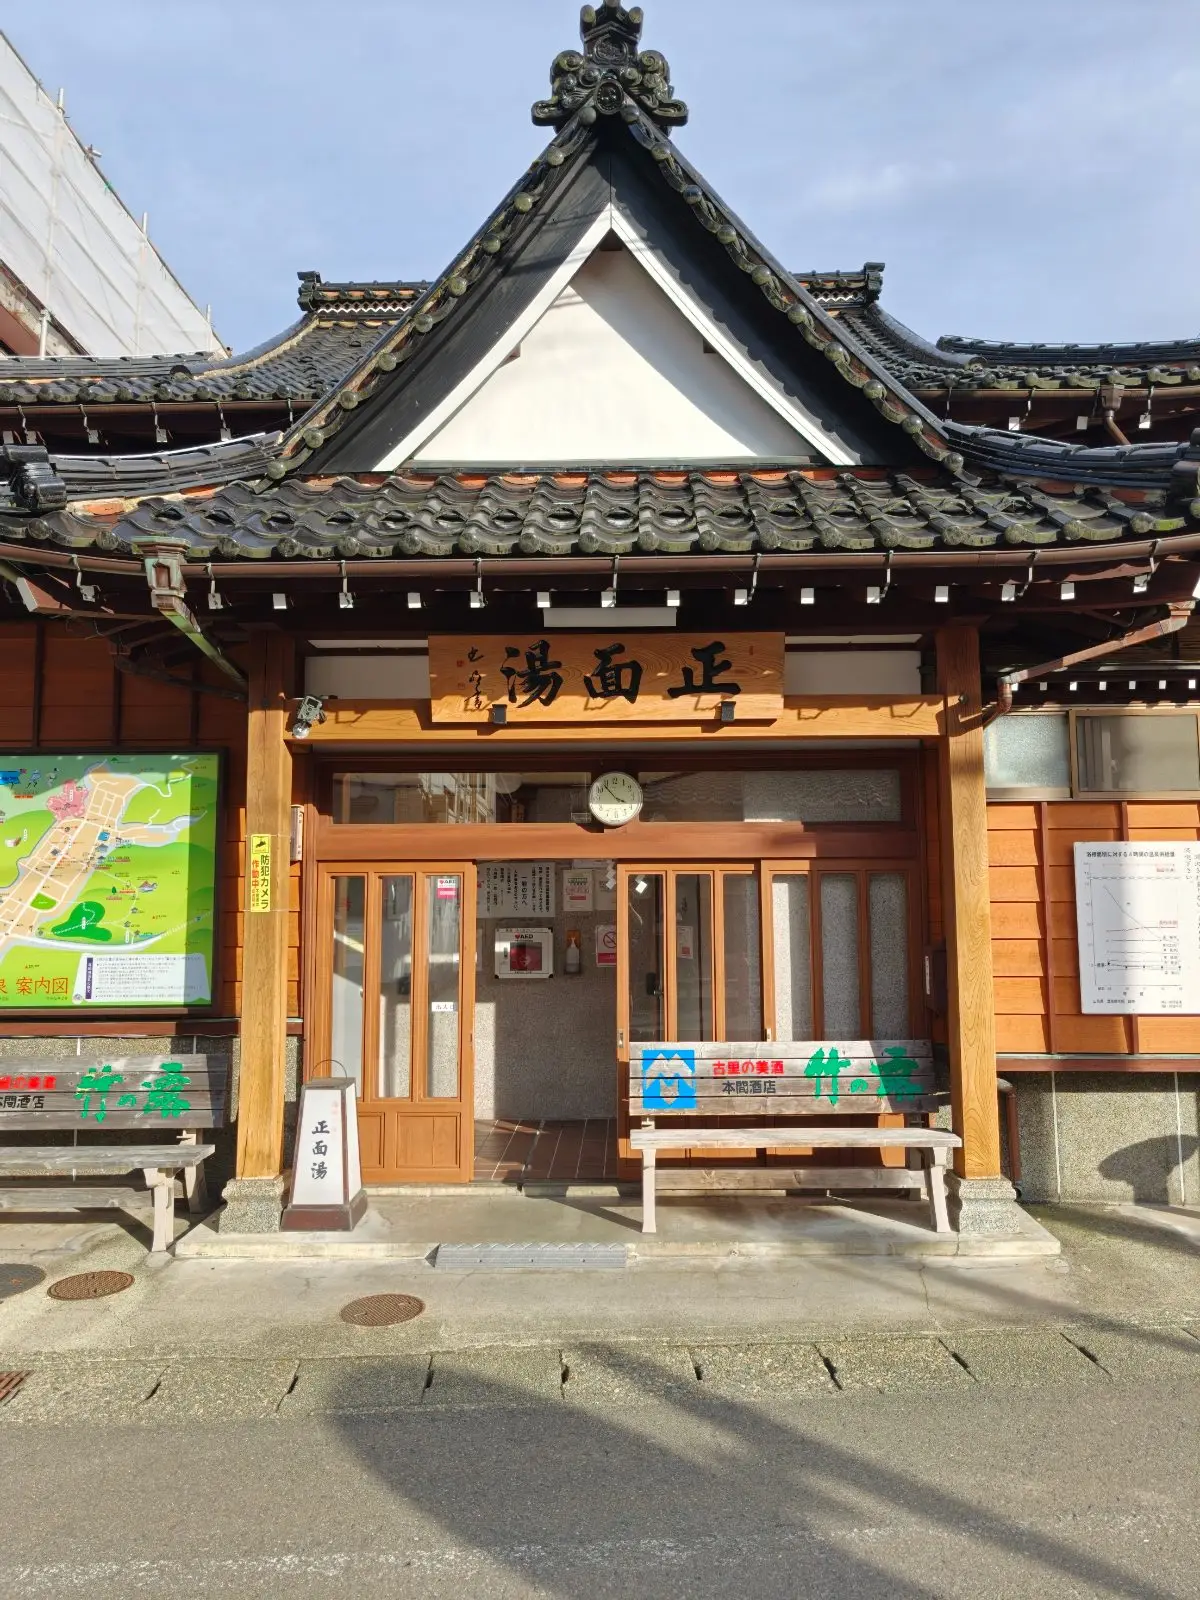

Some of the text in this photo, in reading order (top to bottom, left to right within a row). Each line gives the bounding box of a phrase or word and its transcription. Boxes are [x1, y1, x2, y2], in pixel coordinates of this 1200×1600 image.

[500, 639, 741, 708] 正面湯
[252, 859, 260, 888] 作動中
[260, 854, 270, 910] 防犯カメラ
[16, 976, 69, 996] 案内図
[712, 1060, 785, 1076] 古里の美酒
[722, 1080, 776, 1095] 本間酒店
[0, 1095, 45, 1109] 間酒店
[311, 1120, 330, 1180] 正面湯
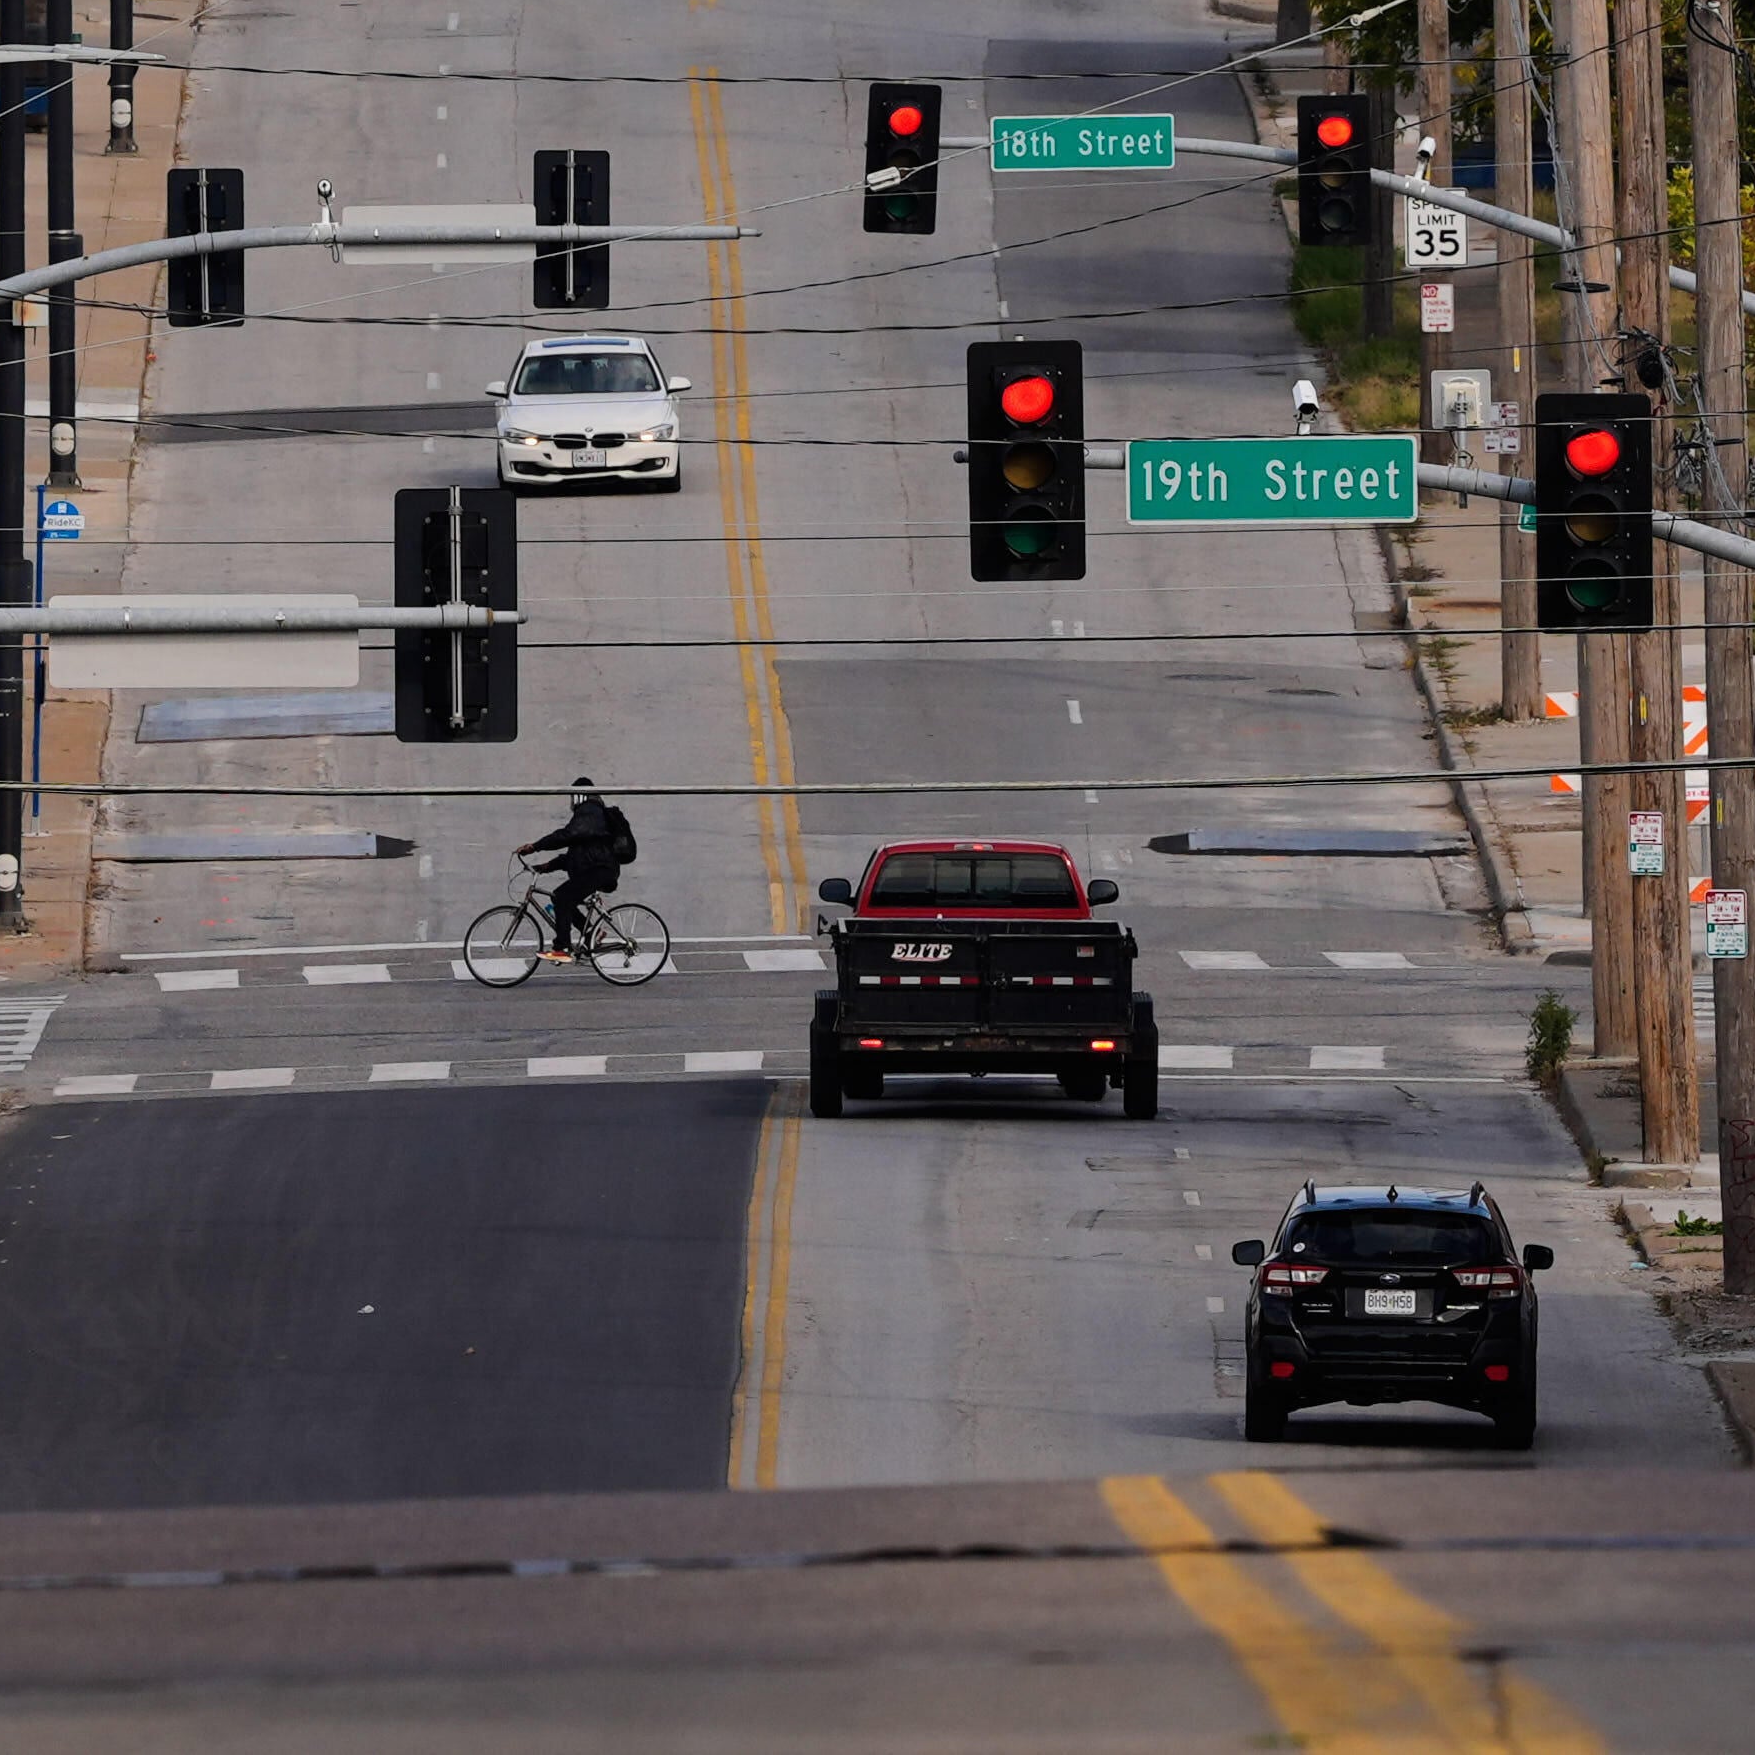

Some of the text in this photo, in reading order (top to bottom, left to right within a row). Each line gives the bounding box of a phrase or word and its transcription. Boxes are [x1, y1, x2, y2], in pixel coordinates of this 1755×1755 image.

==================================================

What is expected: Write out the material above once more, word for word. Images stay out.

Task result:
Some of the text in this photo, in reading order (top to bottom, left to right within a row). Each line gives the bounding box of a phrase or word and its transcription. Boxes are [x1, y1, x2, y2], in pixel coordinates of this 1200×1600 image.

[500, 639, 741, 708] 正面湯
[252, 859, 260, 888] 作動中
[260, 854, 270, 910] 防犯カメラ
[16, 976, 69, 996] 案内図
[712, 1060, 785, 1076] 古里の美酒
[722, 1080, 776, 1095] 本間酒店
[0, 1095, 45, 1109] 間酒店
[311, 1120, 330, 1180] 正面湯

Some of the text in this photo, in reading order (top to bottom, left to right within a row). Each line gives the bounding box of a phrase or word and its transcription. Boxes are [x1, y1, x2, y2], in pixel coordinates of this 1755×1755 image.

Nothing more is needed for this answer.